Surrounding Environment: It’s important to consider the surrounding environment, as neighboring colors and natural landscape can influence how a paint color is perceived. They should view the samples within this real-life context to gauge compatibility.
Contextual Colors: Paint samples should be seen next to key elements such as roofing, trims, and shutters, to ensure they harmonize with these existing colors and materials.

Sample BoardsMust be large enough to view against home’s exterior for true representation
Surrounding EnvironmentColors from nature and neighboring houses can affect perception
Contextual ComparisonCompatibility with roofing, trims, shutters, etc., is essential

Integrating Colors with the Home’s Environment

Choosing exterior paint colors involves considering the existing natural surroundings and architectural elements. The goal is to create a cohesive look that complements both the roof and landscape while respecting the neighborhood’s aesthetic.

Matching Colors with the Roof and Landscape

Roof Considerations

The color of the roof sets a critical tone for color selection. For homes with darker roofs, lighter shades can provide a pleasing contrast, whereas homes with lighter-colored roofs might benefit from warmer, darker tones to balance the visual weight. A shingle-color swatch can serve as a useful guide when examining potential wall colors.

  • Neutral roofs can pair with a wide range of colors.
  • Warm-toned roofs often harmonize well with earthy wall colors.
  • Cool-toned roofs may suit grey or blue palettes.

Landscape Synergy

Integrating with the landscape ensures the home feels nestled within its environment rather than at odds with it.

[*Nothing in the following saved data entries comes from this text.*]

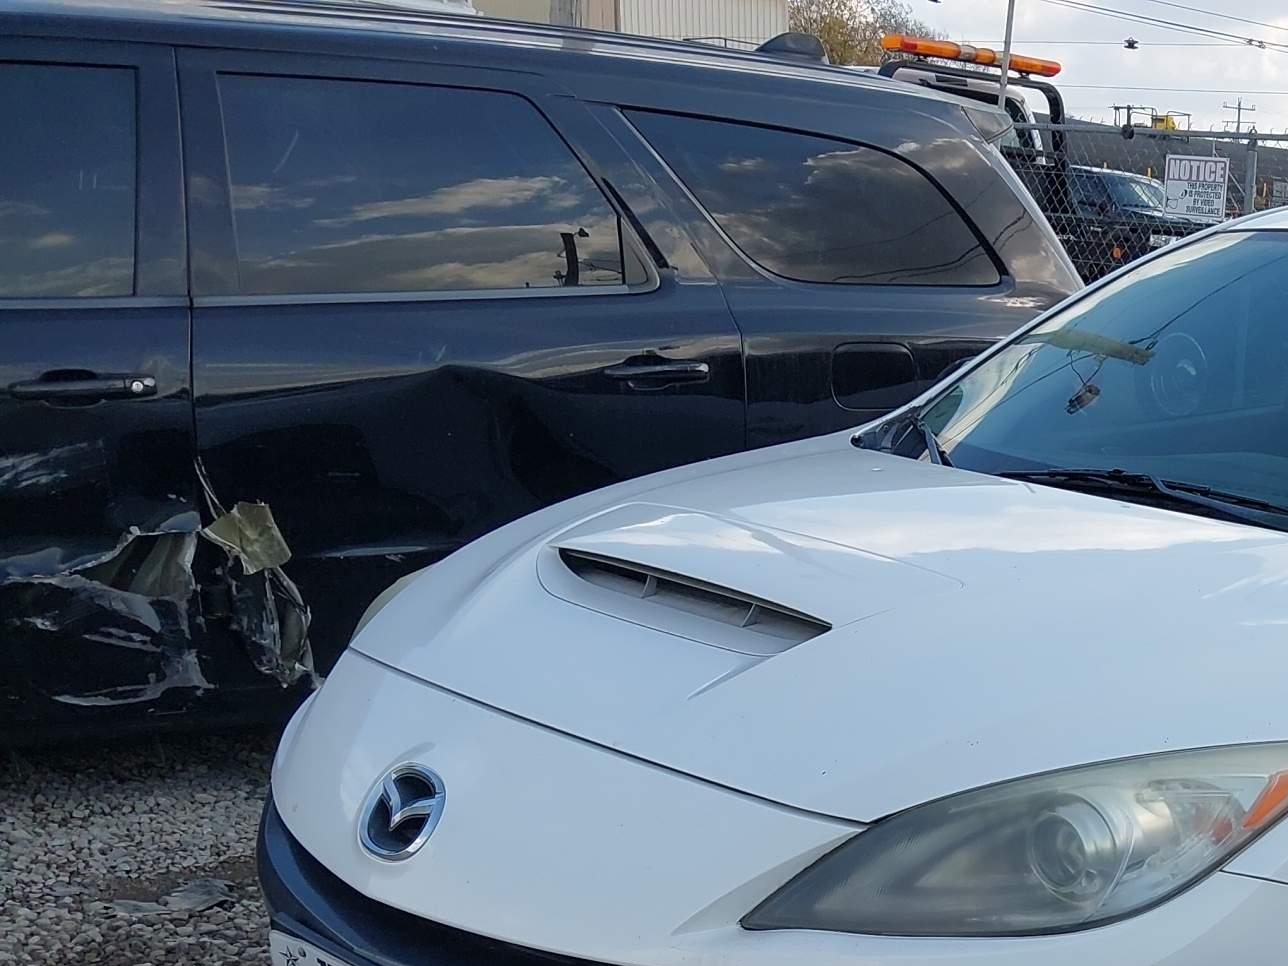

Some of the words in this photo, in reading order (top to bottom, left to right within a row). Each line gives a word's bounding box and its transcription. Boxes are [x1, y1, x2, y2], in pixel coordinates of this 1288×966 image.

[1169, 159, 1225, 182] NOTICE
[1188, 182, 1198, 190] THIS
[1198, 183, 1223, 192] PROPERTY
[1193, 191, 1221, 199] PROTECTED
[1186, 206, 1221, 215] SURVEILLANCE
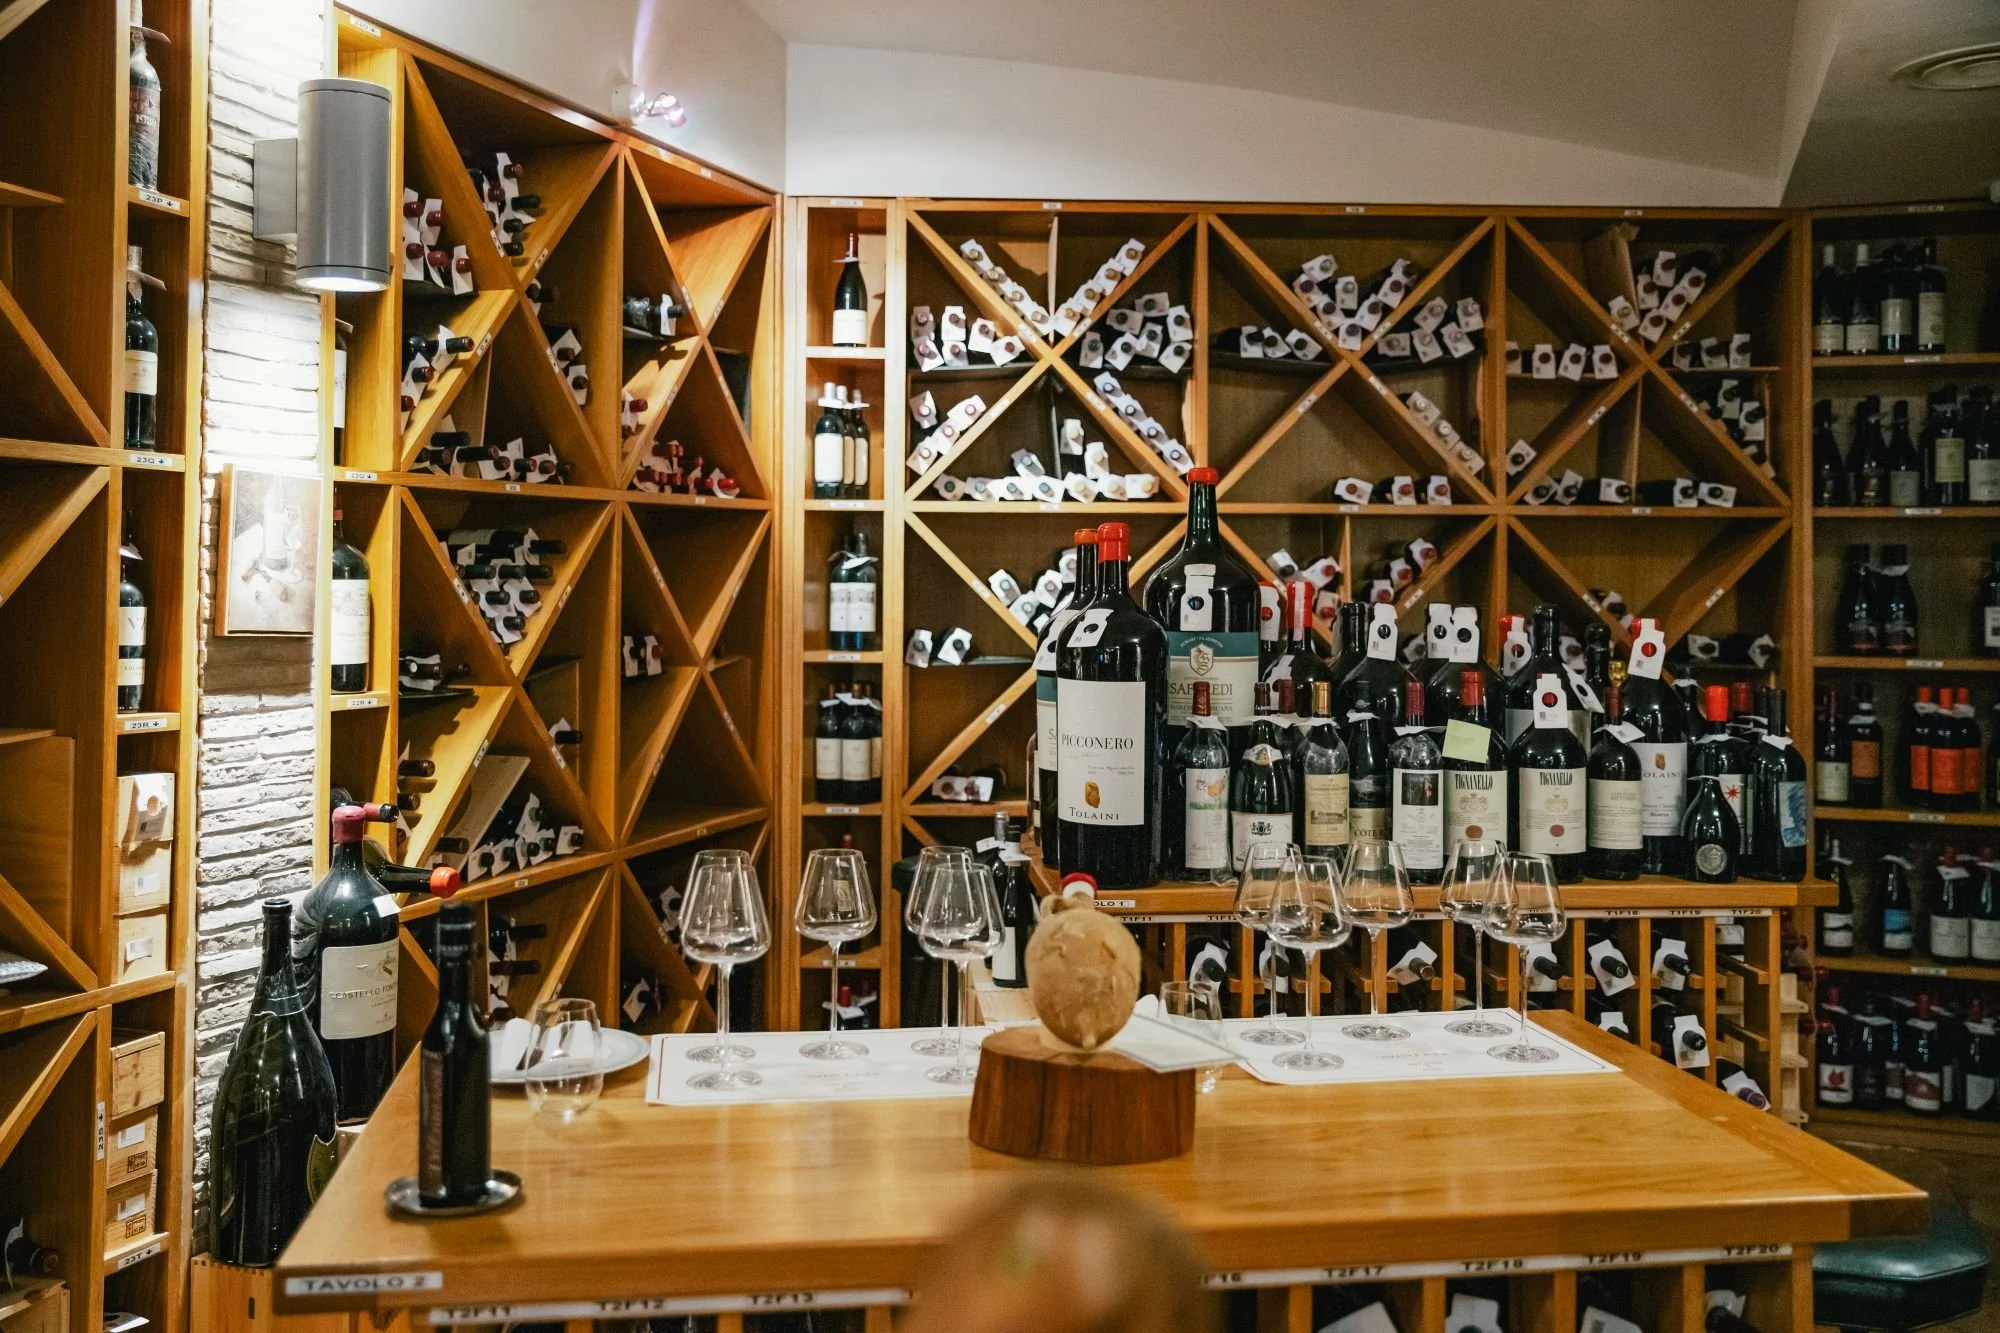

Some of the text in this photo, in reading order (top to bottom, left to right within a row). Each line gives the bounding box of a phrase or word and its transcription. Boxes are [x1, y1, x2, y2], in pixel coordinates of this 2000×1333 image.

[1169, 683, 1233, 696] SAFEDI
[1061, 733, 1134, 750] PICCONERO
[1455, 773, 1494, 790] TIGNANELLO
[1539, 771, 1573, 786] TIGNANELLO
[1069, 806, 1119, 821] TOLAINI
[1725, 1244, 1779, 1256] T2F20
[1463, 1259, 1523, 1272] T2F18
[1588, 1252, 1642, 1264] T2F19
[1325, 1265, 1384, 1278] T2F17
[304, 1275, 426, 1293] TAVOLO 2
[600, 1297, 665, 1312] T2F12
[752, 1292, 814, 1305] T2F13
[448, 1304, 512, 1320] T2F11

  • For homes in wooded areas, greens and browns harmonize with the natural surroundings.
  • In arid climates, consider colors that reflect the local flora and geology, such as tans and beiges.


What are some tools or apps to visualize exterior house colors before deciding?

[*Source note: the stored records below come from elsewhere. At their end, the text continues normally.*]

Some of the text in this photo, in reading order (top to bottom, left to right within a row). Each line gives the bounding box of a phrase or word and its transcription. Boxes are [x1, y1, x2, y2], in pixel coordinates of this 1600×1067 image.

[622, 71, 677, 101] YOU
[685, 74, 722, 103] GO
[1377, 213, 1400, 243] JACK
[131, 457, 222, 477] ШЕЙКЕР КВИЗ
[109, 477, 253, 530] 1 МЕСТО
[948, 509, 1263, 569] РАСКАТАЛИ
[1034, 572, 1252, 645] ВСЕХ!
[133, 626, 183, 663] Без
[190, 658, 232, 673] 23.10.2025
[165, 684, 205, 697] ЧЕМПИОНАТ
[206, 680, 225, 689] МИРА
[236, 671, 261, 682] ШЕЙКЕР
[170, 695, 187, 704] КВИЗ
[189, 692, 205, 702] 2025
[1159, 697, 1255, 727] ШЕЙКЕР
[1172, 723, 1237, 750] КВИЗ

Many paint companies offer online tools and mobile apps that allow homeowners to upload photos of their homes and experiment with different paint colors. Examples include Sherwin-Williams’ ColorSnap® Visualizer, Benjamin Moore’s Personal Color Viewer, and Behr’s Paint Your Place®.

What is the best approach to determining a harmonious color combination for my home’s exterior?

Start by considering the architectural style of your home and its natural surroundings. Utilize color wheels and consult with design professionals if possible. Neutrals are generally safe, while complementary colors can add bold contrast.

Can you suggest modern exterior paint options that enhance curb appeal?

For a modern look, consider a palette that includes neutral grays, crisp whites, or deep blue. Matte finishes can add a contemporary touch, while a pop of color on the front door can create a welcoming focal point.

Where can I get ideas for the colors I want to paint my exterior?

You can find inspiration in historical sites, home design periodicals, neighborhood walks, and the natural world. Global visual inspiration can also be found on social media sites like Pinterest and Instagram.

What are the considerations for choosing paint colors that complement the roof?

The roof color should be a starting point. It lasts longer than paint, so select a paint color that matches or is harmonious with the roofing. For example, cool roof colors pair well with blues, greens, and grays, while warm roofs pair well with creams, beiges, or browns.

What are the residential home’s popular exterior paint colors?

This can vary depending on the place and structural design; however, trending color includes warm neutrals, greens and the everlasting blue. Darker colors and supplementary colors are also becoming in-demand as they create a sophisticated contrast with primary colors.